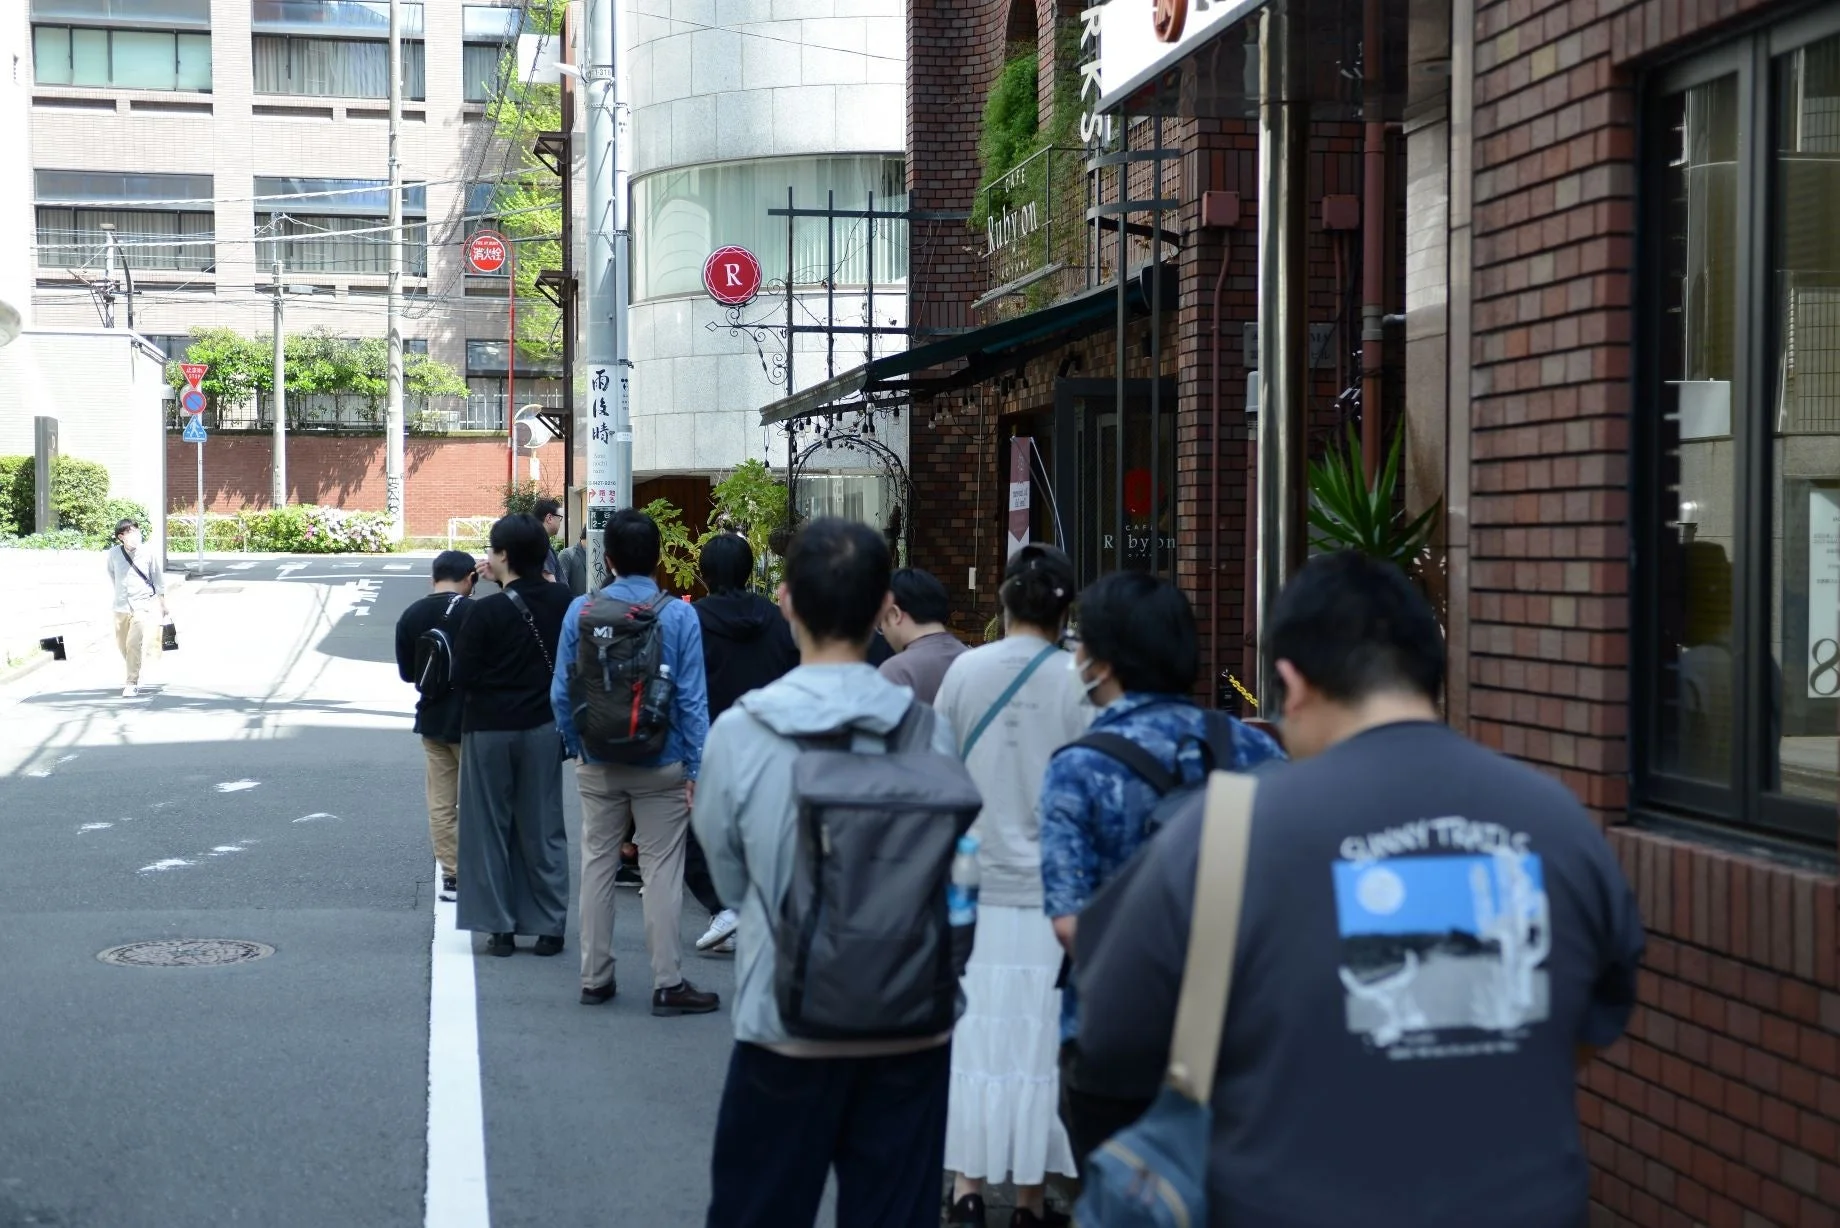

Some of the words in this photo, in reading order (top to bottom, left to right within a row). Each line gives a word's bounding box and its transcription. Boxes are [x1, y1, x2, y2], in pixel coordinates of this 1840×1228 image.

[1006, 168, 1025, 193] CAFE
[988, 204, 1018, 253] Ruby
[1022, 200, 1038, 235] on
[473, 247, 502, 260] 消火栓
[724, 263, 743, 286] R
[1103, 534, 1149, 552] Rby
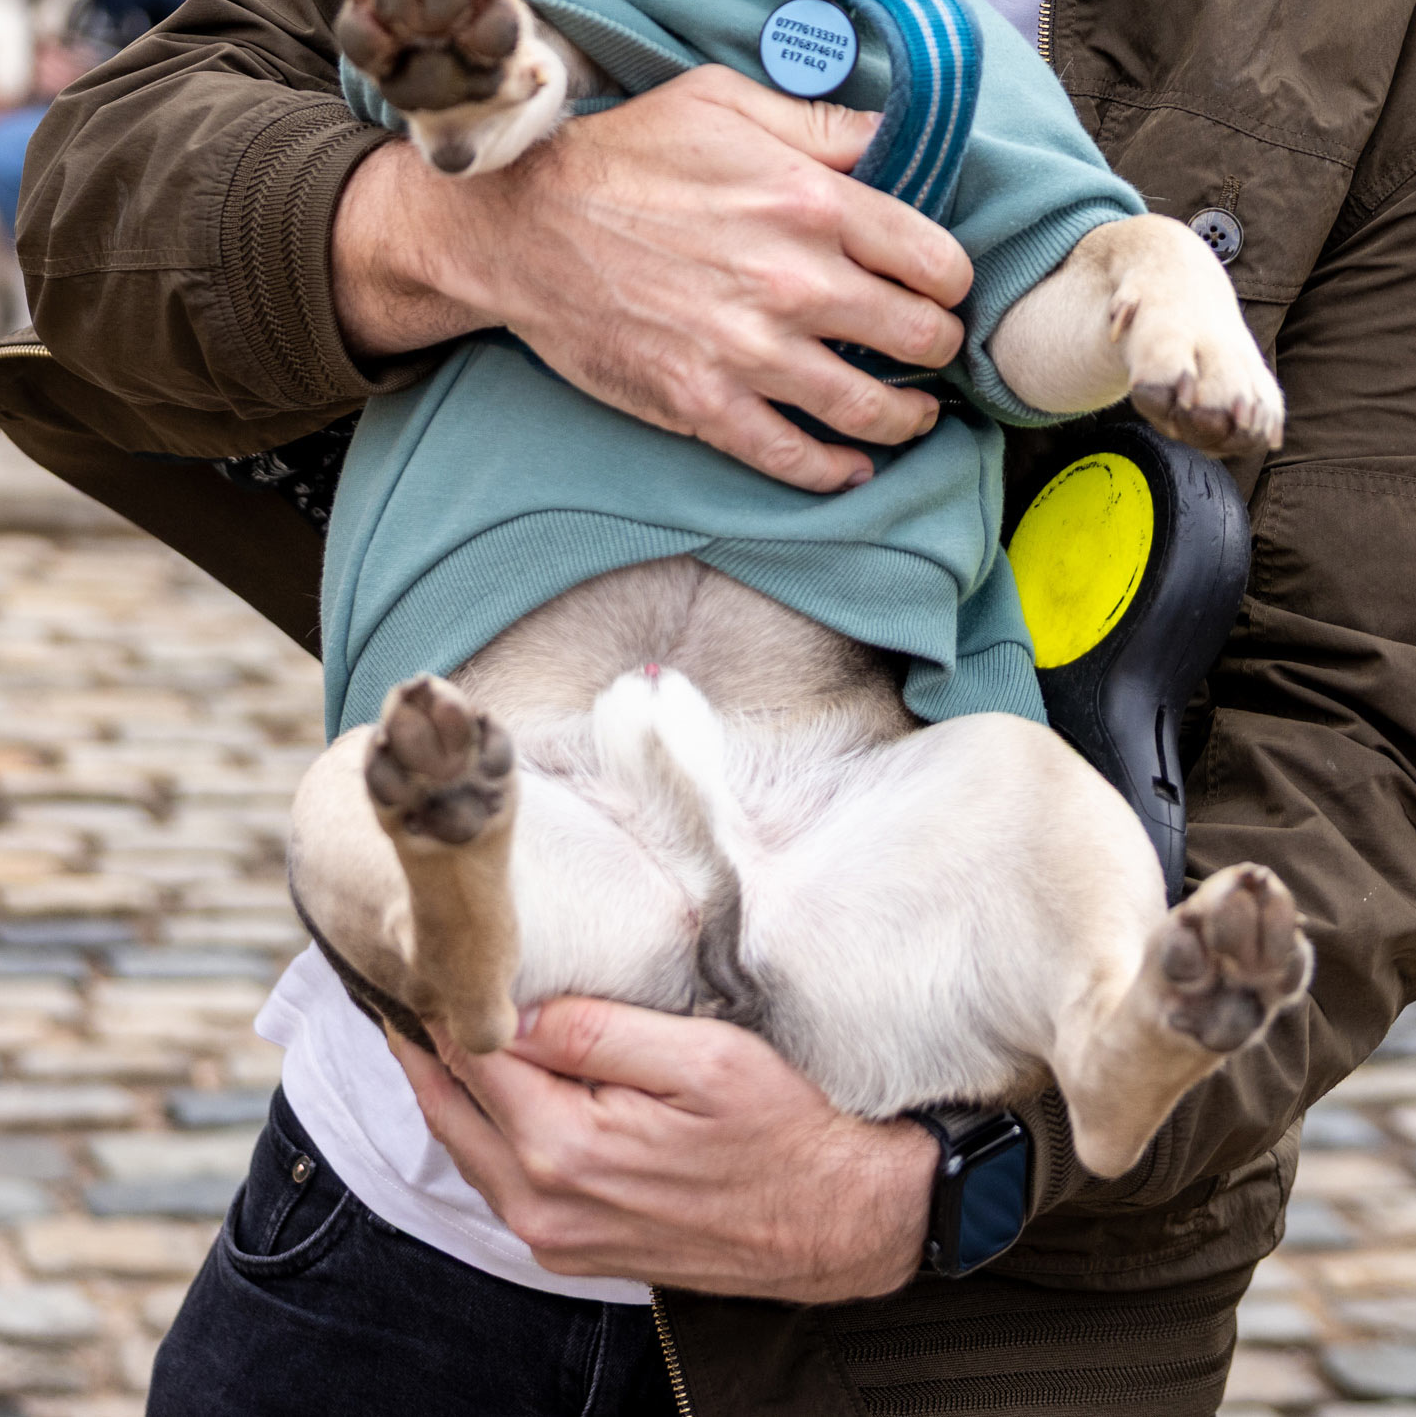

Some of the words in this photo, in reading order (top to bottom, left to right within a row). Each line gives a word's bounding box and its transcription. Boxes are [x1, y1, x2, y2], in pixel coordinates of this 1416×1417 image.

* _Exercise prompt_
Could you set down the records above exactly, skipping any picture?

* _Result_
Some of the words in this photo, in reading order (top to bottom, left to right within a row). Each line gives a word's bounding box and its transcription. Boxes are [x1, y1, x2, y2], in pixel coordinates of this 1840×1228 image.

[1006, 168, 1025, 193] CAFE
[988, 204, 1018, 253] Ruby
[1022, 200, 1038, 235] on
[473, 247, 502, 260] 消火栓
[724, 263, 743, 286] R
[1103, 534, 1149, 552] Rby

Some of the words in this photo, in reading order (top to bottom, left to right within a row). Each line gives a word's bounding box and its transcription. Boxes are [x1, y1, x2, y2], in pixel coordinates of this 1416×1417 image.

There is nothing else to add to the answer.